The IntusCare v. RTZ dispute illustrates how complex health‑IT cases progress through the traditional litigation stages—pleadings, discovery, dispositive motions, pretrial, and trial. At the pretrial juncture, Daubert motions serve as a gatekeeping mechanism, allowing judges to exclude expert testimony that fails to meet rigorous standards of methodology and relevance. Both sides have filed motions targeting each other's experts, setting the stage for a decisive July hearing that could reshape the evidentiary landscape of the case.

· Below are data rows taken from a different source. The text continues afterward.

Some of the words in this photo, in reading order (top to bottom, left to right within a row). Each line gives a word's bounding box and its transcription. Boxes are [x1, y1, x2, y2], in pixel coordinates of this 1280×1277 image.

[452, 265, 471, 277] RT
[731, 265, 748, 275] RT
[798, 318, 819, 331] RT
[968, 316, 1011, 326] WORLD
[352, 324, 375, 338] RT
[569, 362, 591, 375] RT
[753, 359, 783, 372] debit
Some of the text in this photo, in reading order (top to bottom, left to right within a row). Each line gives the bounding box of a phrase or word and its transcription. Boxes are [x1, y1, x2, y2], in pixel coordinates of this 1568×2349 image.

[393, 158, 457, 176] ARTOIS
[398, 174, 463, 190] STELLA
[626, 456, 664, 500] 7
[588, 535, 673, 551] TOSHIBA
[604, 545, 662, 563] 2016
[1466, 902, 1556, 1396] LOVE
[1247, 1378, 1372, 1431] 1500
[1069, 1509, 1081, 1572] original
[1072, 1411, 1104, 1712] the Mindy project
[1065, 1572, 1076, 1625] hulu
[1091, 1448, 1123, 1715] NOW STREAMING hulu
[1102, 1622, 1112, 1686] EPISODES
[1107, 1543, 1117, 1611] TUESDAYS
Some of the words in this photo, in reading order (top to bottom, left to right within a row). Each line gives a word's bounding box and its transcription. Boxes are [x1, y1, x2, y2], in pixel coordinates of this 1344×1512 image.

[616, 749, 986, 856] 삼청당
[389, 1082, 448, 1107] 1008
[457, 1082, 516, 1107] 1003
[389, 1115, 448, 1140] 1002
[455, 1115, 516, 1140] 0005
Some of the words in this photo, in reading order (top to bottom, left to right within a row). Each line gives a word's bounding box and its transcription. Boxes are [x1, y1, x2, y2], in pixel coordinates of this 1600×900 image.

What makes this showdown unique is the novelty of information‑blocking expertise. While economic and cybersecurity experts are commonplace in software‑related lawsuits, the Cures Act’s information‑blocking provisions lack a body of case law to guide expert analysis. Intus’s economist, Dr. Kristopher Hult, attributes roughly $17 million in lost revenue to RTZ’s alleged blocking, whereas RTZ’s economist, Peter Schwechheimer, counters with a $1.16 million profit loss plus $430‑$550 k in access fees. The real contention centers on Traci Creegan’s health‑IT testimony, which challenges prior summary‑judgment findings that RTZ is an actor under the Cures Act and that it engaged in information blocking. Intus argues that these rulings preclude RTZ from re‑examining the issues through expert testimony.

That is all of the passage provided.